O presidente da Associação de Juízes considera que nem o Parlamento sai prestigiado com a escolha do socialista Ricardo Rodrigues para o Centro de Estudos Judiciários (CEJ) nem o PS teve sentido de Estado quando indicou aquele deputado.

António Martins, em declarações à agência Lusa, considerou que o PS «não teve sentido de Estado, nem de responsabilidade» ao indicar Ricardo Rodrigues, que está, neste momento, pronunciado pela prática de um crime de atentado à liberdade de imprensa, prevendo-se para breve o seu julgamento.

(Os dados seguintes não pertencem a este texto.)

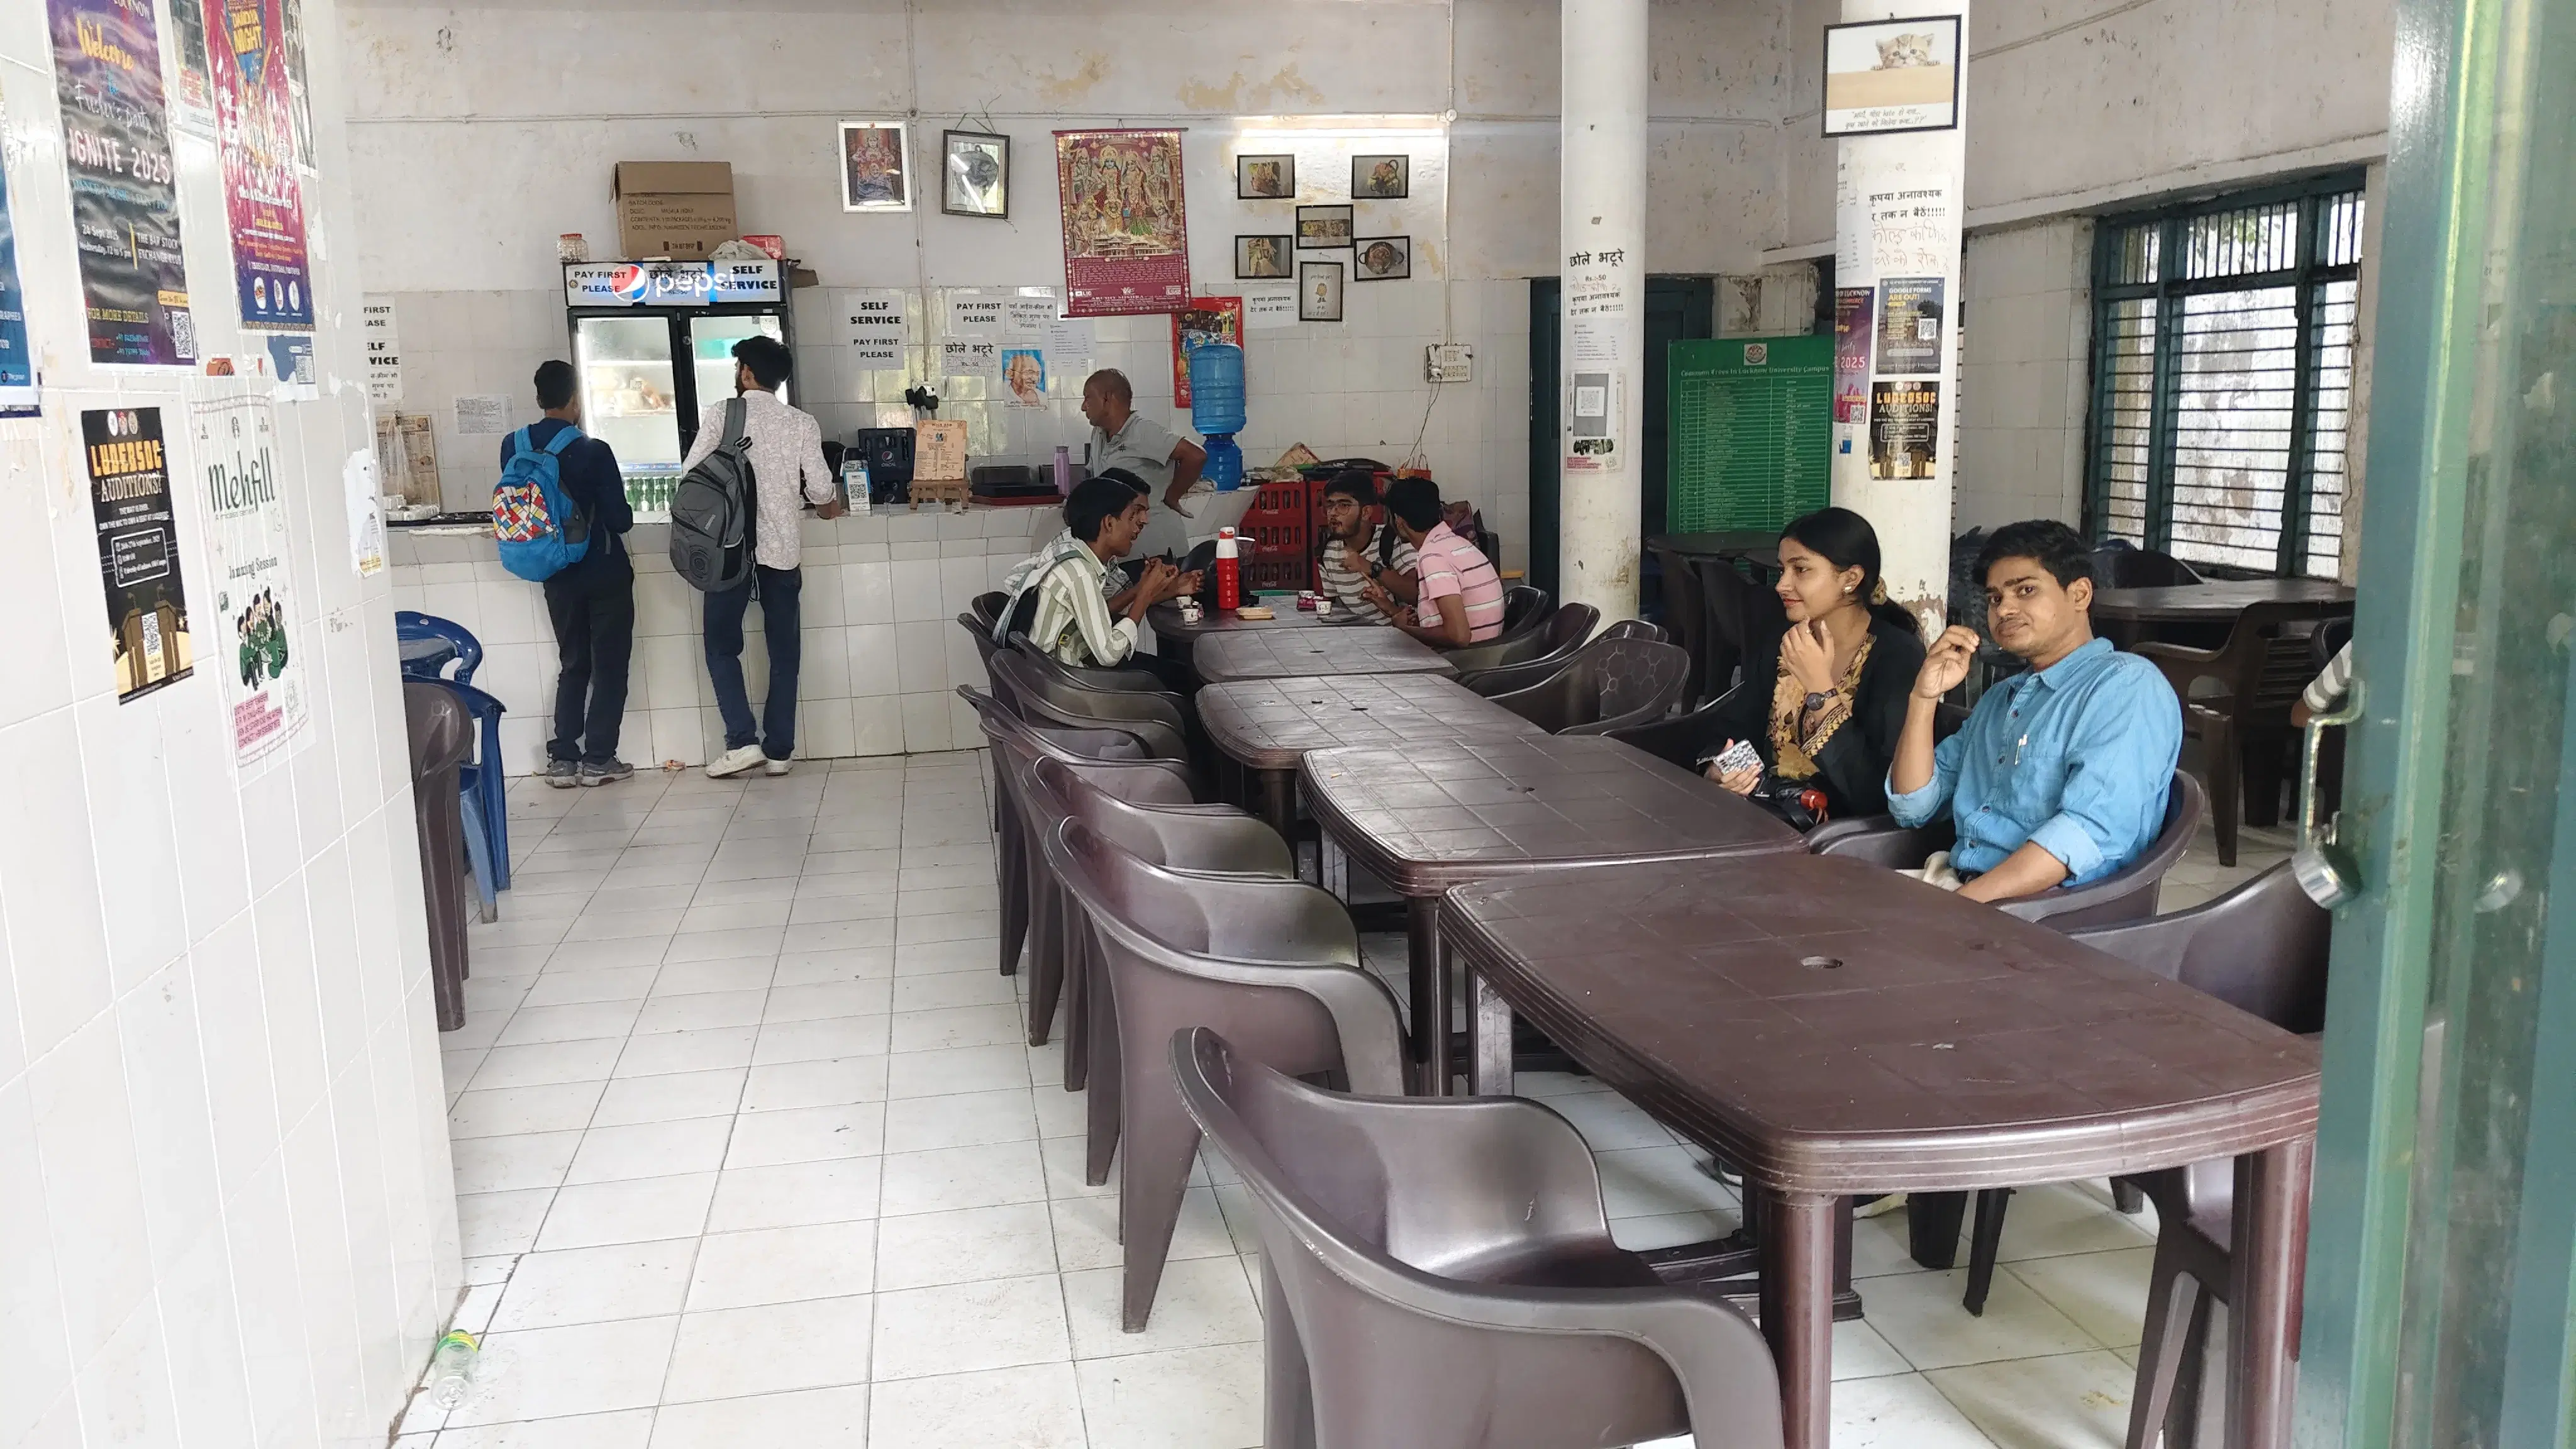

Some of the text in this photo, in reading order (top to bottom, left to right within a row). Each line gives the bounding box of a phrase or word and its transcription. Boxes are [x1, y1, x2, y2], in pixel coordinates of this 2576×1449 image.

O presidente da Associação Sindical dos Juízes Portugueses (ASJP) sublinhou que não está em causa a «presunção de inocência» do deputado, mas observou que o lugar que vai ocupar na escola de magistrados é «demasiado importante», pelo que «não pode haver esta realidade» de haver alguém nestas circunstâncias (ir a julgamento) a desempenhar aquele cargo.

António Martins reconheceu que não existe qualquer impedimento legal que proíba Ricardo Rodrigues de ocupar o lugar no Conselho Geral do CEJ, contrapondo que «há uma tendência para resolver tudo pela legislação», quando o que deve existir é uma maior «exigência em termos de cidadania» e de ética política.

O escrutínio e a «exigência social» estão a fazer com que os políticos nestas circunstâncias (com processos judiciais pendentes) «não se sintam à vontade para ocupar» determinados lugares, seja no CEJ ou à frente dos destinos de uma autarquia.

O Sindicato dos Magistrados do Ministério Público (SMMP) manifestou nesta segunda-feira indignação pela «falta de juízo crítico» da Assembleia da República ao escolher o deputado socialista Ricardo Rodrigues para o Conselho Geral do Centro de Estudos Judiciários.

A direção do SMMP afirma que o deputado está «pronunciado pela prática do crime de atentado à liberdade de imprensa», prevendo-se para breve o seu julgamento.

Segundo o sindicato, tais circunstâncias «colocam dúvidas relevantes sobre a sua idoneidade para ocupar tal importante lugar» na escola de formação de magistrados.

A nomeação de Ricardo Rodrigues para o Conselho Geral do Centro de Estudos Judiciários foi publicada esta terça-feira em Diário da República.

Farão ainda parte do Conselho Geral António Agostinho Cardoso da Conceição Guedes, como efectivo, e como suplentes Américo Fernando de Gravato Morais e Pedro Filipe Simões Alves.